Court Opinion

ID: 3371941
Source: CourtListenerOpinion
Date Created: 2016-07-05 18:11:10.524054+00
Date Added: 2024-06-11T09:36:01.280826
License: Public Domain

[EDITOR'S NOTE: This case is unpublished as indicated by the issuing court.] MEMORANDUM OF DECISION
Introduction
This is an action originally commenced by the plaintiff wife on November 23, 1999 seeking a dissolution of the marriage on the grounds of irretrievable breakdown. In that the complaint failed to recognize the interests of the State of Connecticut, a First Amended Complaint was filed on March 4, 2002. Under the terms of the Complaint, plaintiff wife claims joint custody of the minor children, child support, an equitable division of the marital assets and any other relief deemed appropriate by the court. Trial was held on July 11 and 12. Both parties testified extensively and the court also heard testimony from Mr. Joseph CT Page 10072 Gennuscio, owner of Flor-Tex and the defendant's recent employer; Ms. MaryAnn Stokes, the defendant's domestic partner; and Mr. Wayne Miller, the plaintiff's domestic partner. The court also received seventeen stipulated exhibits.
Findings of Fact
From the testimony and evidence presented, and after carefully assessing the credibility of the witnesses, the court finds the following to have been proven.
The parties were married on August 2, 1980 in Enfield, Connecticut.
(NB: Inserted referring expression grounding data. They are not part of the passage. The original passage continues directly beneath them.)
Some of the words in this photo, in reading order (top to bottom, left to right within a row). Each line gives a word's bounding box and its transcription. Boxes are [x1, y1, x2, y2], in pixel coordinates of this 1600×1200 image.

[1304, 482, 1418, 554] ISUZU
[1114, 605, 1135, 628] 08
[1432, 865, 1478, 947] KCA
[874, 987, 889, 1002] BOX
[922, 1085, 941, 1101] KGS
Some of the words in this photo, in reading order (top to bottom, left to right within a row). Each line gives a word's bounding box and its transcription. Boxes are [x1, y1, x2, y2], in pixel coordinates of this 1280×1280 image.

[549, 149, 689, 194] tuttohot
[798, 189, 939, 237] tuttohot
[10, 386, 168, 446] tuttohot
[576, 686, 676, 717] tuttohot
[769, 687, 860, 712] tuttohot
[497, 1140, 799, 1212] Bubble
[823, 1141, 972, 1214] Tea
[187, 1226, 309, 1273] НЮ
At the time of the filing of the original divorce complaint, there were two minor children issue of the marriage. Matthew J. Mc Cauliff was born on September 19, 1982, and Stephanie A. Mc Cauliff was born on February 1, 1990. Only Stephanie remains a minor at the time of this writing. The State of Connecticut contributed to the support of the minor children during the course of the marriage. The Attorney General was served with a copy of the First Amended Complaint and filed an appearance in this case. The parties have resided continuously in this state for more than twelve months immediately prior to the date of the complaint. The court finds that it has jurisdiction over the parties and the marriage.
The husband is forty-four years old. He does not have a high school diploma. During the course of the marriage he has worked in the floor covering installation business, primarily as a selfemployed individual, earning most recently on average $885 per week. The defendant has not paid taxes, federal, state, or FICA, for the last several years, on his self-employment income. He is in good health and expert at his trade. He is newly employed at Business Invirons, where his weekly gross is $960 and his net, after employer deductions for applicable taxes, is $683.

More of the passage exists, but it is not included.